ASSIGNED TASK: Exactly what is written in the records below should be returned, minus the images.

*** PROVIDED RECORDS ***

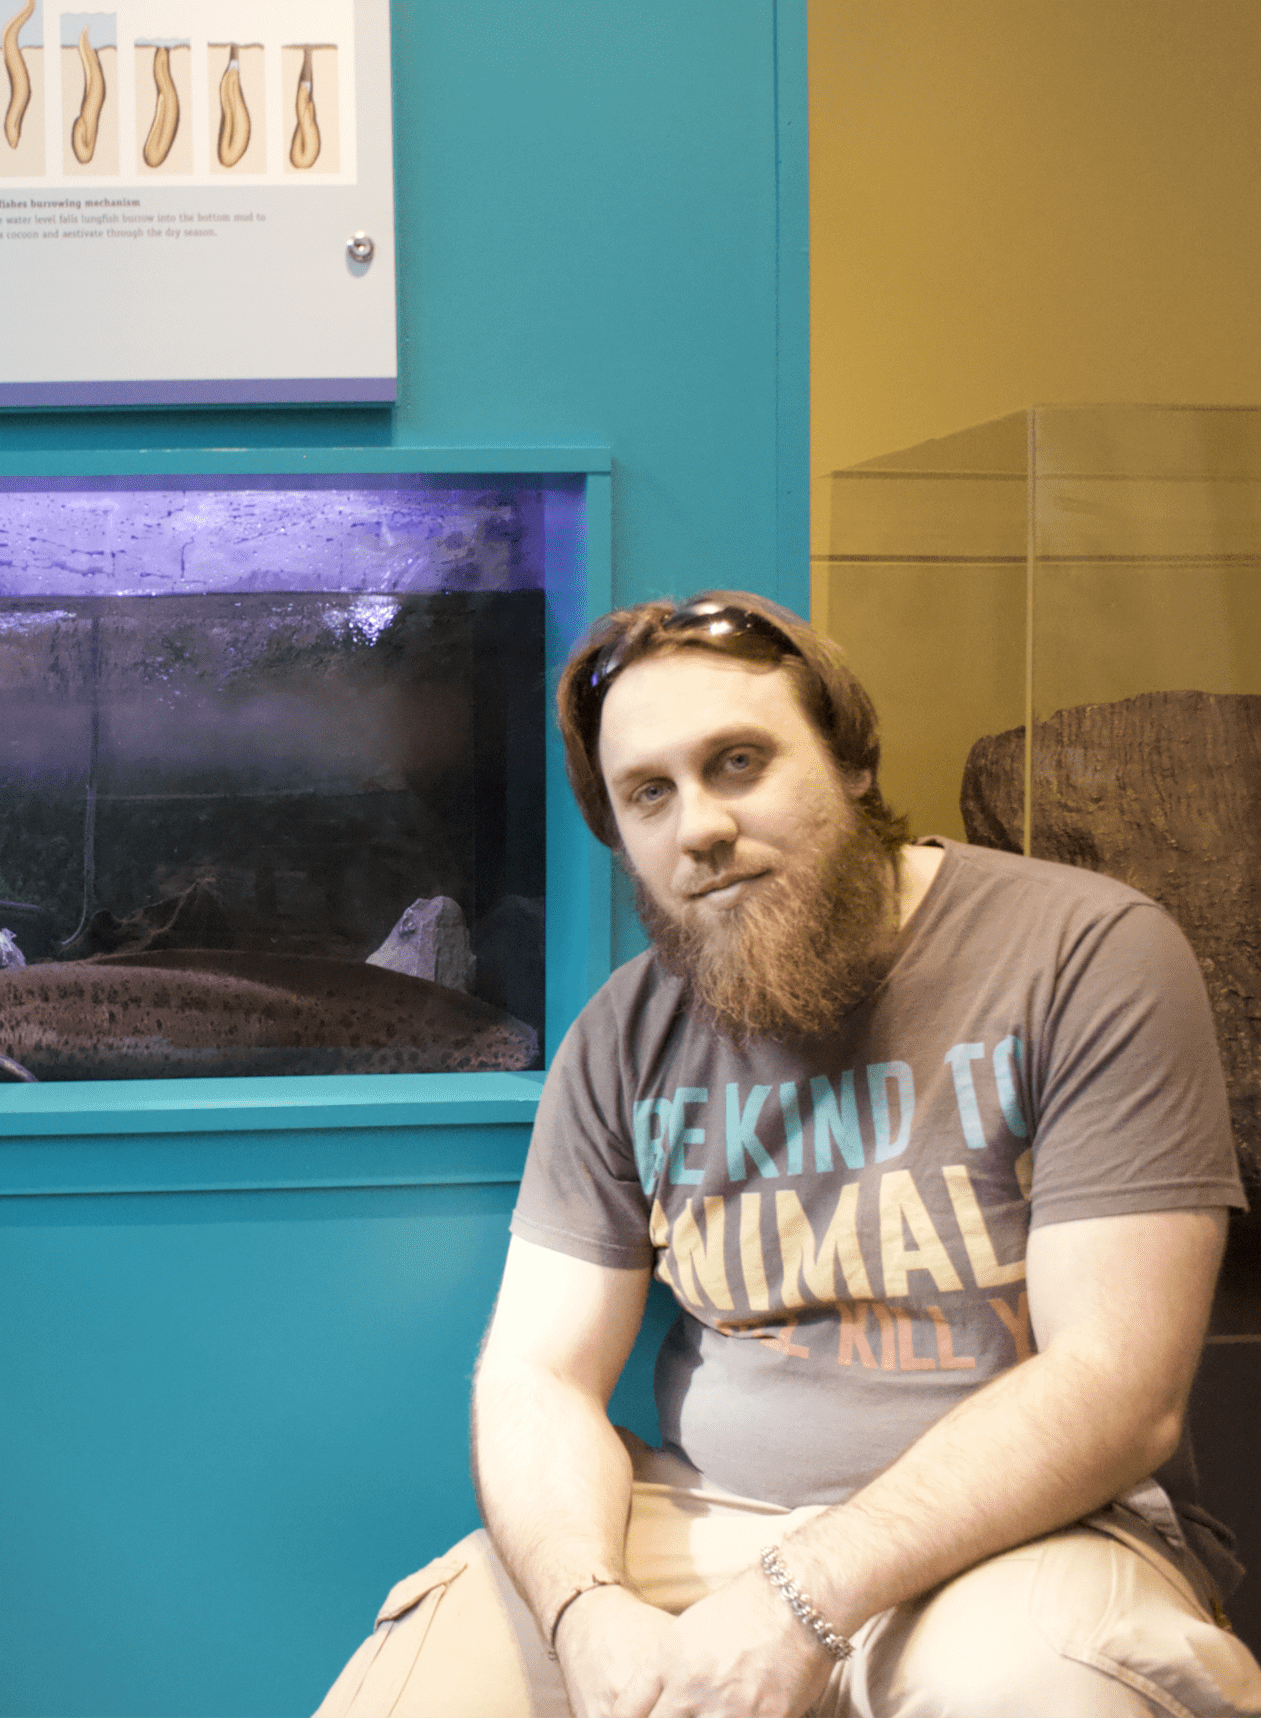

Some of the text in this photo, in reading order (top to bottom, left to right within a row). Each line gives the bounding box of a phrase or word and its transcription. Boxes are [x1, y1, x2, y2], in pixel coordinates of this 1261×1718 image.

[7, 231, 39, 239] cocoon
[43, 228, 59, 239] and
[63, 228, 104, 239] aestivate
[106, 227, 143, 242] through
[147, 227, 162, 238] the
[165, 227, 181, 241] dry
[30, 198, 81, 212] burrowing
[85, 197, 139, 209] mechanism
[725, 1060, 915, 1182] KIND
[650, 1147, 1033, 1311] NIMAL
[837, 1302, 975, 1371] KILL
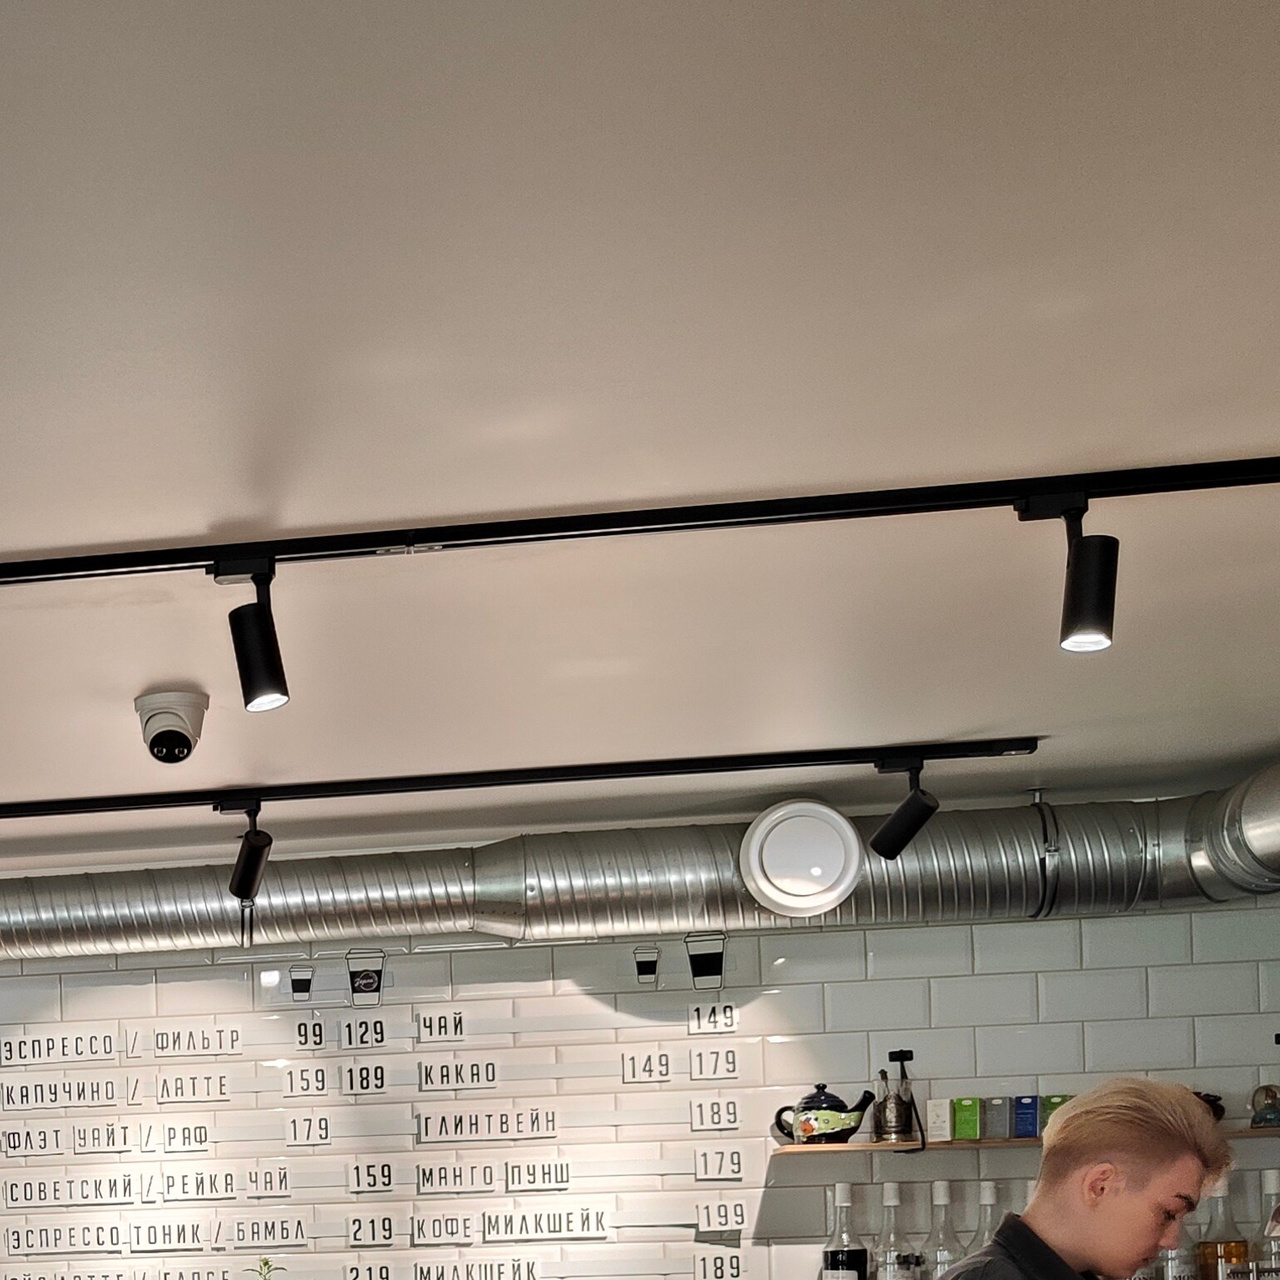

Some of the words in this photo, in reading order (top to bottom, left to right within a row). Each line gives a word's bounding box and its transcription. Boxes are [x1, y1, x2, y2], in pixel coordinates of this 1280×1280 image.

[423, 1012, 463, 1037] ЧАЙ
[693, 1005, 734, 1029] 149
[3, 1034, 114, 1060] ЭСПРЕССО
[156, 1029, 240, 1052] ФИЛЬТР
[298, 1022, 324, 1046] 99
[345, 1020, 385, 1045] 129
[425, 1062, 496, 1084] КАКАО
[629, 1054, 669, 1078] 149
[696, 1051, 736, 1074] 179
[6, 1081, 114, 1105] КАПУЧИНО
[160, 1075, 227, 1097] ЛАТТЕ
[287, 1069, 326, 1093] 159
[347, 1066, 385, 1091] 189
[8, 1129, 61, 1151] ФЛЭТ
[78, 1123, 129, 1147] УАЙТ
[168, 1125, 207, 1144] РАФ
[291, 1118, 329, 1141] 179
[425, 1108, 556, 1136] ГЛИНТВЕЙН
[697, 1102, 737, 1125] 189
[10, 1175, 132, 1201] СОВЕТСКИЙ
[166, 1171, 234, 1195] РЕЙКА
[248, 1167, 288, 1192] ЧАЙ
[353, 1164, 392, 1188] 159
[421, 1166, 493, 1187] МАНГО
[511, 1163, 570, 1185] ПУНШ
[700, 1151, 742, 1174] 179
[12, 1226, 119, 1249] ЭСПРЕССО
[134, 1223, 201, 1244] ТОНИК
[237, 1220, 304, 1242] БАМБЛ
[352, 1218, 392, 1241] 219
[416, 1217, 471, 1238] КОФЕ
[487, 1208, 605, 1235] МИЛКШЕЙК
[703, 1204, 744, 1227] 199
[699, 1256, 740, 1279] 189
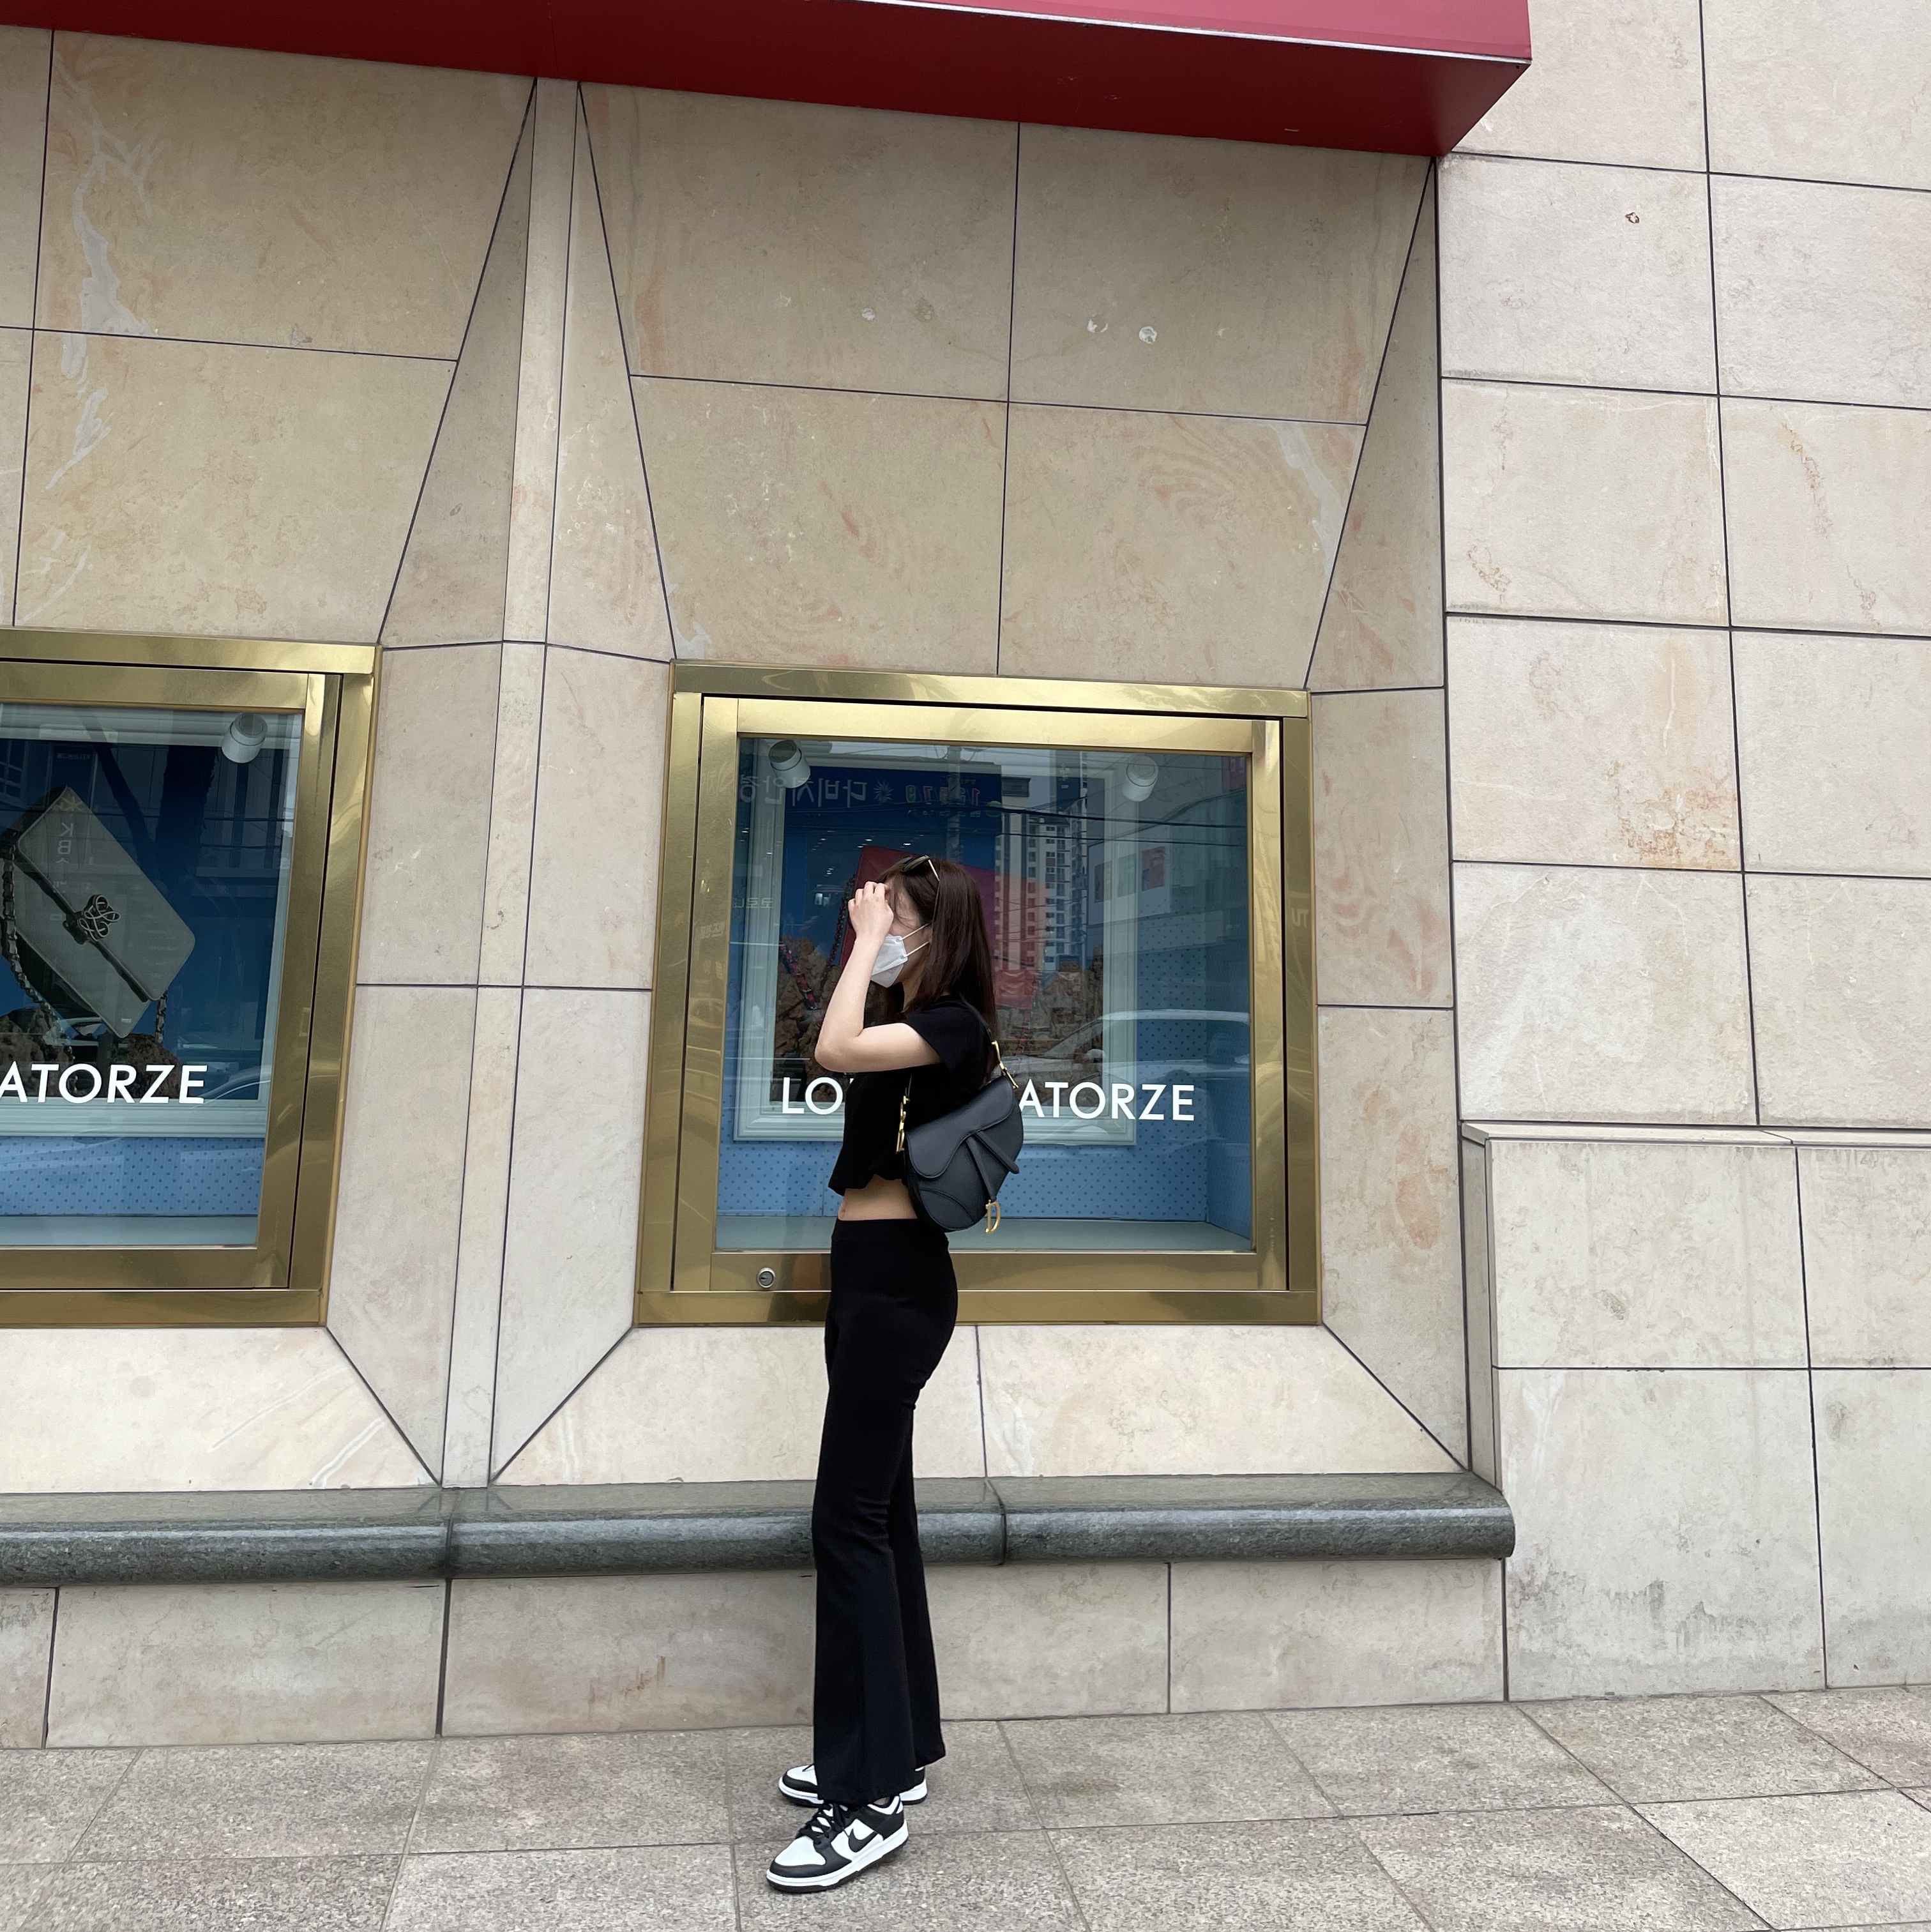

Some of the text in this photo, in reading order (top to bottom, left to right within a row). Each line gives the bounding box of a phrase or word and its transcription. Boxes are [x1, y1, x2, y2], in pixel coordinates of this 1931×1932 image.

*** End of PROVIDED RECORDS ***

EXPECTED OUTPUT:
Some of the text in this photo, in reading order (top to bottom, left to right within a row). Each line gives the bounding box of a phrase or word and its transcription. Boxes are [x1, y1, x2, y2], in pixel coordinates of this 1261×1718 image.

[7, 231, 39, 239] cocoon
[43, 228, 59, 239] and
[63, 228, 104, 239] aestivate
[106, 227, 143, 242] through
[147, 227, 162, 238] the
[165, 227, 181, 241] dry
[30, 198, 81, 212] burrowing
[85, 197, 139, 209] mechanism
[725, 1060, 915, 1182] KIND
[650, 1147, 1033, 1311] NIMAL
[837, 1302, 975, 1371] KILL

Some of the words in this photo, in reading order (top to bottom, left to right within a row). Each line gives a word's bounding box and its transcription. Boxes are [x1, y1, x2, y2], in pixel coordinates of this 1280×1280 image.

[423, 1012, 463, 1037] ЧАЙ
[693, 1005, 734, 1029] 149
[3, 1034, 114, 1060] ЭСПРЕССО
[156, 1029, 240, 1052] ФИЛЬТР
[298, 1022, 324, 1046] 99
[345, 1020, 385, 1045] 129
[425, 1062, 496, 1084] КАКАО
[629, 1054, 669, 1078] 149
[696, 1051, 736, 1074] 179
[6, 1081, 114, 1105] КАПУЧИНО
[160, 1075, 227, 1097] ЛАТТЕ
[287, 1069, 326, 1093] 159
[347, 1066, 385, 1091] 189
[8, 1129, 61, 1151] ФЛЭТ
[78, 1123, 129, 1147] УАЙТ
[168, 1125, 207, 1144] РАФ
[291, 1118, 329, 1141] 179
[425, 1108, 556, 1136] ГЛИНТВЕЙН
[697, 1102, 737, 1125] 189
[10, 1175, 132, 1201] СОВЕТСКИЙ
[166, 1171, 234, 1195] РЕЙКА
[248, 1167, 288, 1192] ЧАЙ
[353, 1164, 392, 1188] 159
[421, 1166, 493, 1187] МАНГО
[511, 1163, 570, 1185] ПУНШ
[700, 1151, 742, 1174] 179
[12, 1226, 119, 1249] ЭСПРЕССО
[134, 1223, 201, 1244] ТОНИК
[237, 1220, 304, 1242] БАМБЛ
[352, 1218, 392, 1241] 219
[416, 1217, 471, 1238] КОФЕ
[487, 1208, 605, 1235] МИЛКШЕЙК
[703, 1204, 744, 1227] 199
[699, 1256, 740, 1279] 189

Some of the text in this photo, in reading order (top to bottom, left to right within a row). Each line gives the bounding box of a phrase or word and its transcription. Boxes are [x1, y1, x2, y2], in pixel coordinates of this 1931×1932 image.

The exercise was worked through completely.